(Beginning of INFORMATION GIVEN)
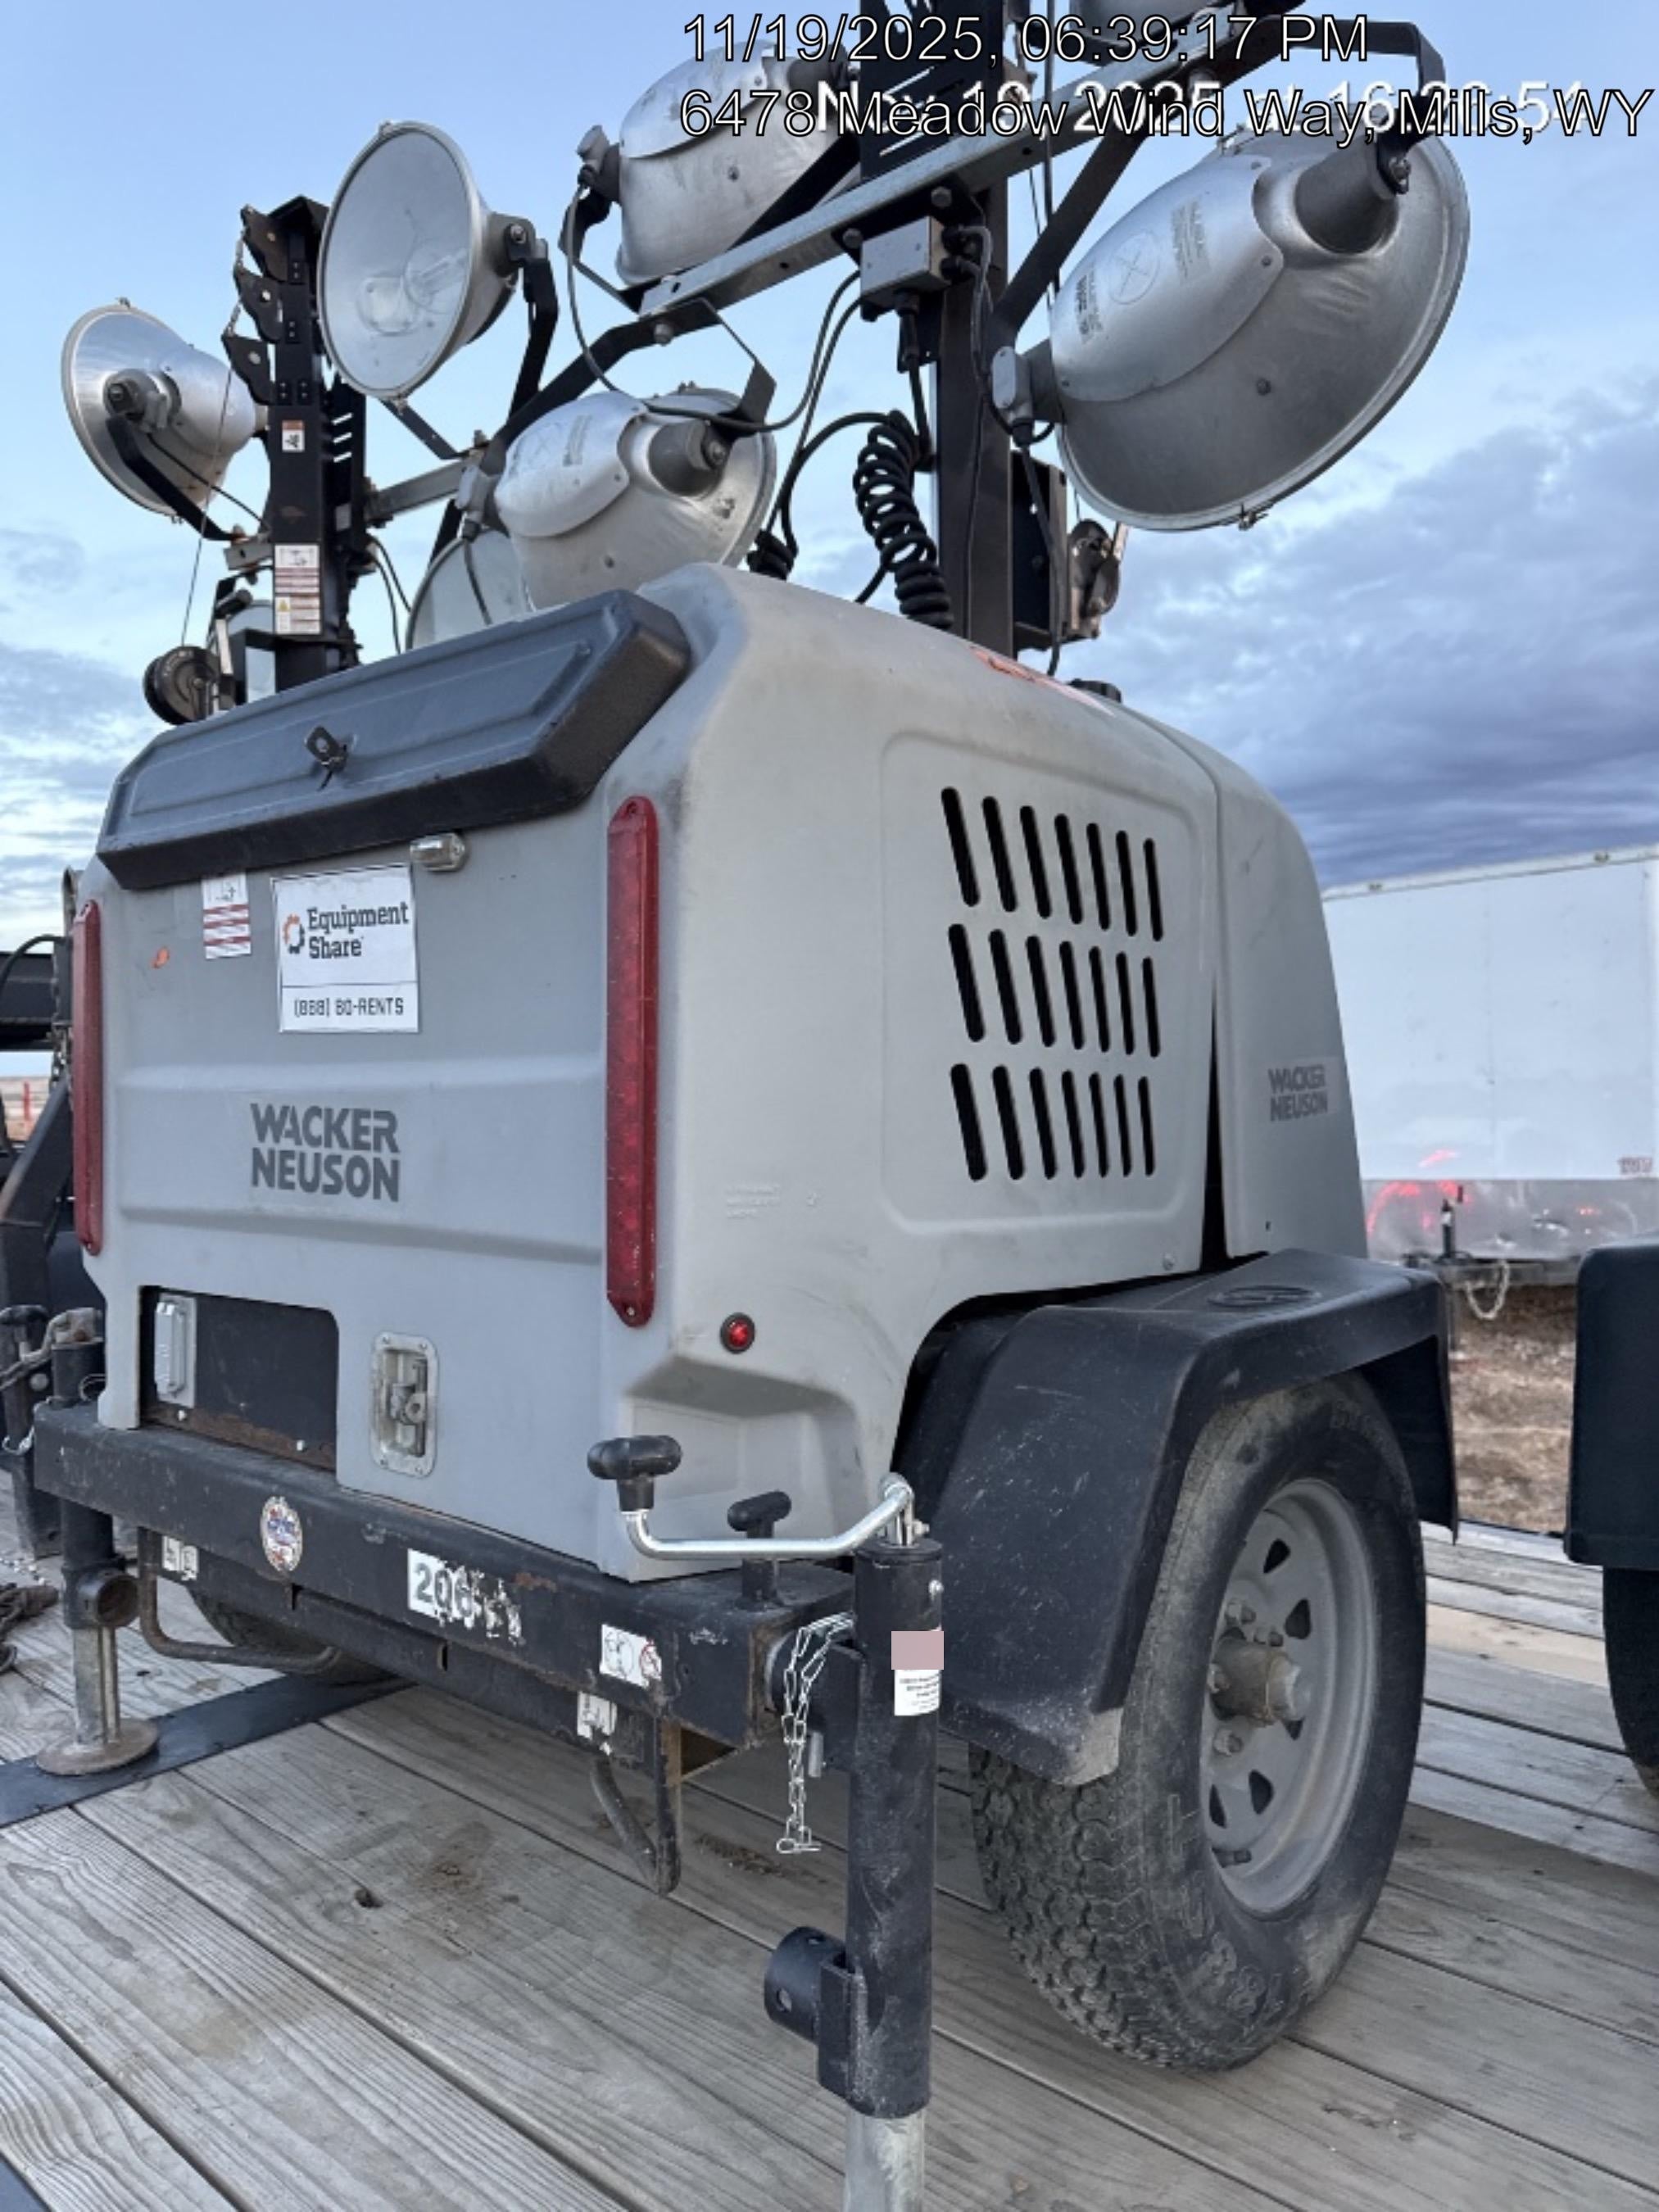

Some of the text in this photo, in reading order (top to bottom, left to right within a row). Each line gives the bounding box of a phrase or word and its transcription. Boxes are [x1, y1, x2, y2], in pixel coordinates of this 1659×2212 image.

[306, 901, 409, 935] Equipment
[308, 936, 362, 959] Share
[1267, 1064, 1326, 1094] WACKER
[1270, 1091, 1328, 1122] NEUSON
[250, 1103, 401, 1154] WACKER
[252, 1147, 400, 1203] NEUSON
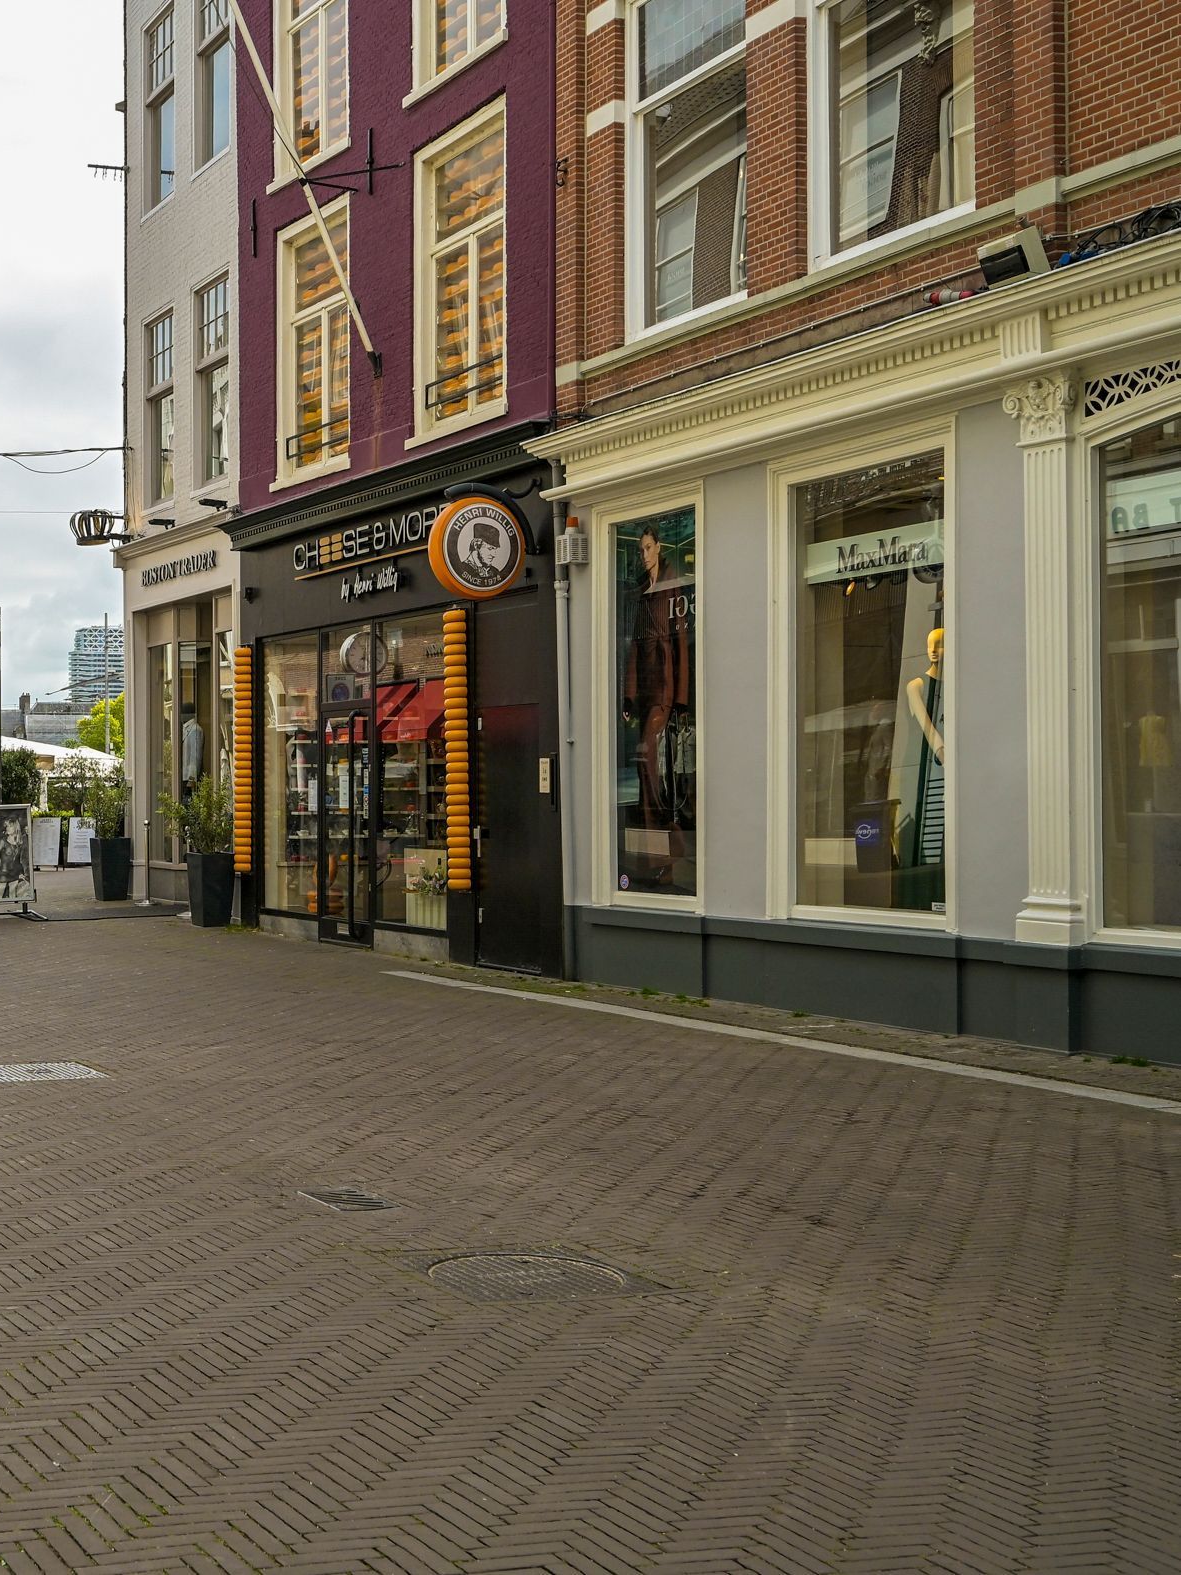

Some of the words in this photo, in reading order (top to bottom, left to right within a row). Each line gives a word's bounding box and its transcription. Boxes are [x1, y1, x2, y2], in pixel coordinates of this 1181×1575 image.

[373, 522, 386, 551] &
[453, 507, 483, 531] HENRI
[485, 508, 516, 537] WILLIG
[141, 560, 179, 587] BOSTON
[178, 549, 217, 577] TRADER
[836, 535, 928, 574] MaxMara
[340, 577, 350, 603] by
[353, 572, 374, 598] Henri
[376, 565, 398, 593] Willig
[461, 571, 482, 585] SINCE
[483, 574, 502, 587] 1974
(End of INFORMATION GIVEN)
§ WHAT TO DO
Reproduce the lines from the one with "Some of the words" to the end of the data exactly, leaving out every earlier line.

§ WRITTEN SOLUTION
Some of the words in this photo, in reading order (top to bottom, left to right within a row). Each line gives a word's bounding box and its transcription. Boxes are [x1, y1, x2, y2], in pixel coordinates of this 1181×1575 image.

[373, 522, 386, 551] &
[453, 507, 483, 531] HENRI
[485, 508, 516, 537] WILLIG
[141, 560, 179, 587] BOSTON
[178, 549, 217, 577] TRADER
[836, 535, 928, 574] MaxMara
[340, 577, 350, 603] by
[353, 572, 374, 598] Henri
[376, 565, 398, 593] Willig
[461, 571, 482, 585] SINCE
[483, 574, 502, 587] 1974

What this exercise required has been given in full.